The 2019 season will be Foster’s 33rd season with Virginia Tech and 39th overall. He was brought in to coach linebackers in coach Frank Beamer’s inaugural season as coach in 1987 and took over as defensive coordinator in 1995 (he was co-defensive coordinator for a season). Beamer stepped down after the 2015 season.
Virginia Tech has finished in the top five in scoring defense on seven different occasions under Foster, leading the nation twice (1999 and 2006), and led the nation in total defense in both 2005 and 2006.

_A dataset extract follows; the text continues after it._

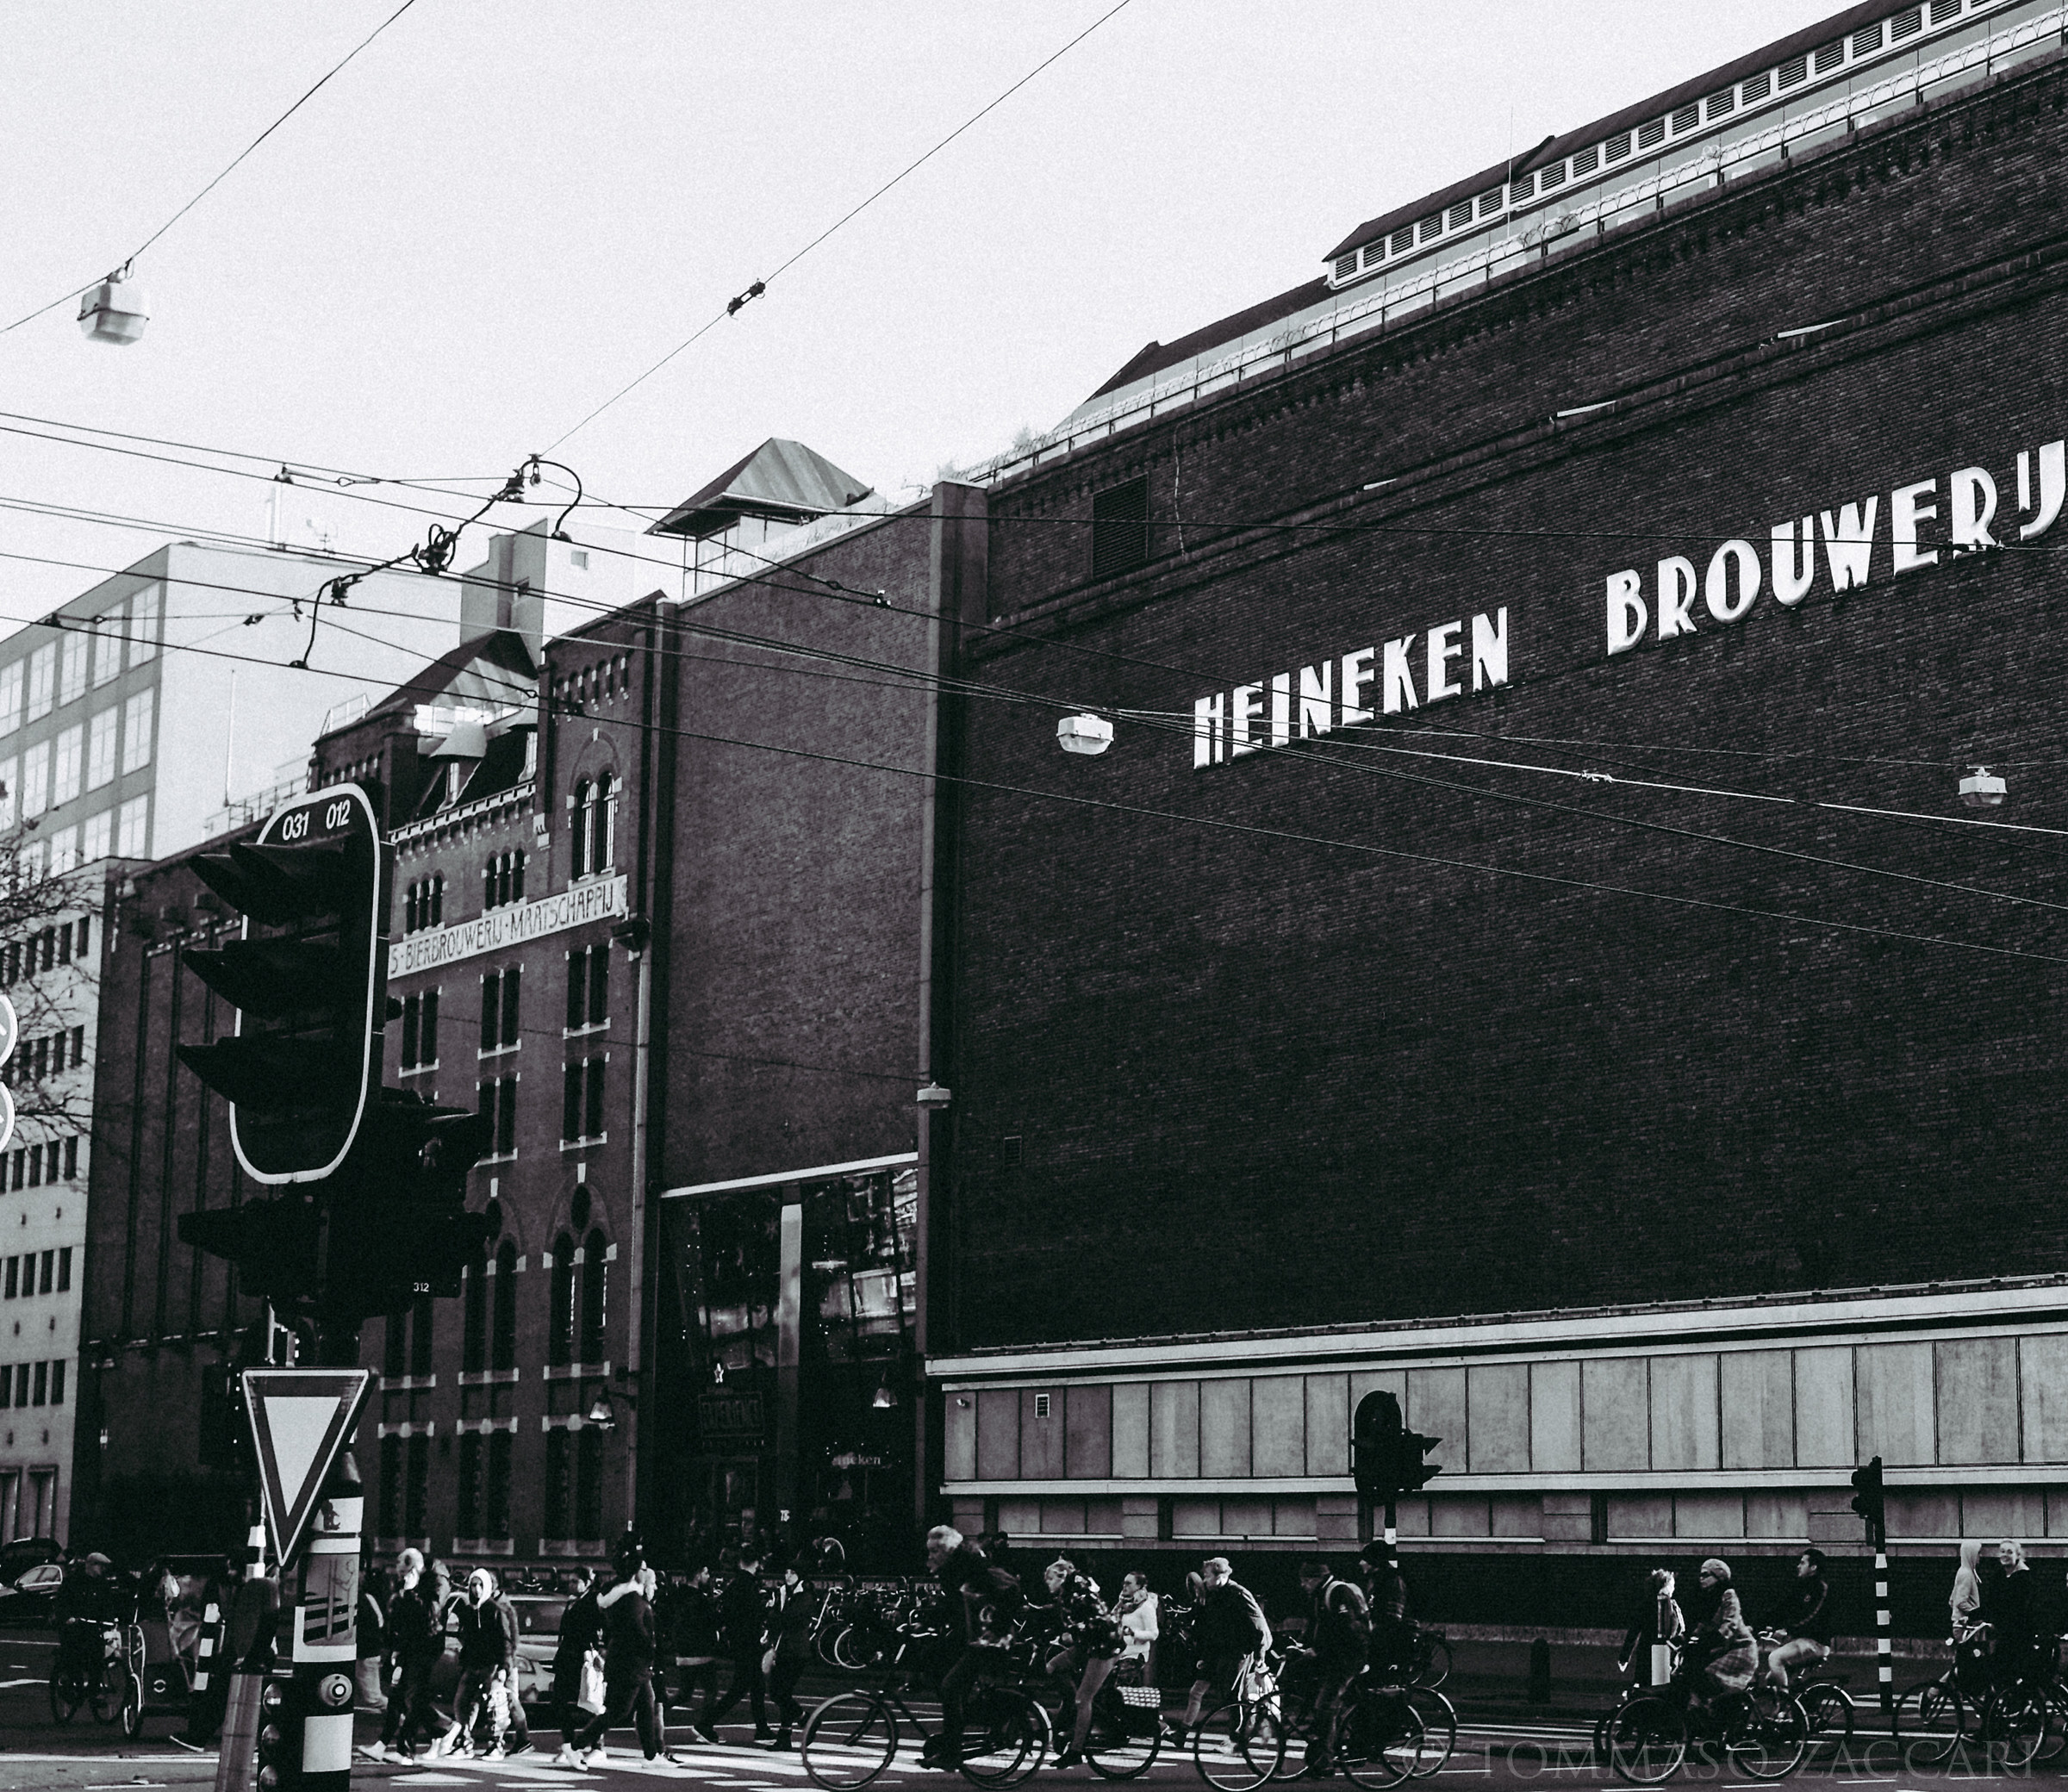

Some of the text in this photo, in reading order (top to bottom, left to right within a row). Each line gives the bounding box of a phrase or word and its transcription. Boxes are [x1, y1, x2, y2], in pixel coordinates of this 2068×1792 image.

[1193, 439, 2066, 769] HEINEKEN BROUWERIJ
[283, 800, 351, 841] 031 012
[414, 1282, 430, 1292] 312

Since Foster took as sole defensive coordinator in 1996, the Hokies have the most sacks (856) and interceptions (380) in the country. During that stretch 45 of his players have been drafted (11 in the first or second round).
Virginia Tech already has some tentative plans to honor Foster during his final season. The Hokies will honor the 1999 team that reached the national title game on Sept. 27 when they host Duke at Lane Stadium. The home game against Wake Forest on Nov. 9 will be “Bud Foster Night.”
“Maybe we’ll even ask everyone to grow a goatee,” Babcock said. “And that’s plenty of advance notice for people like me that take awhile to grow one. Maybe we’ll do that. We will get there and we will do that and we will do it right because transitions are important at Virginia Tech.”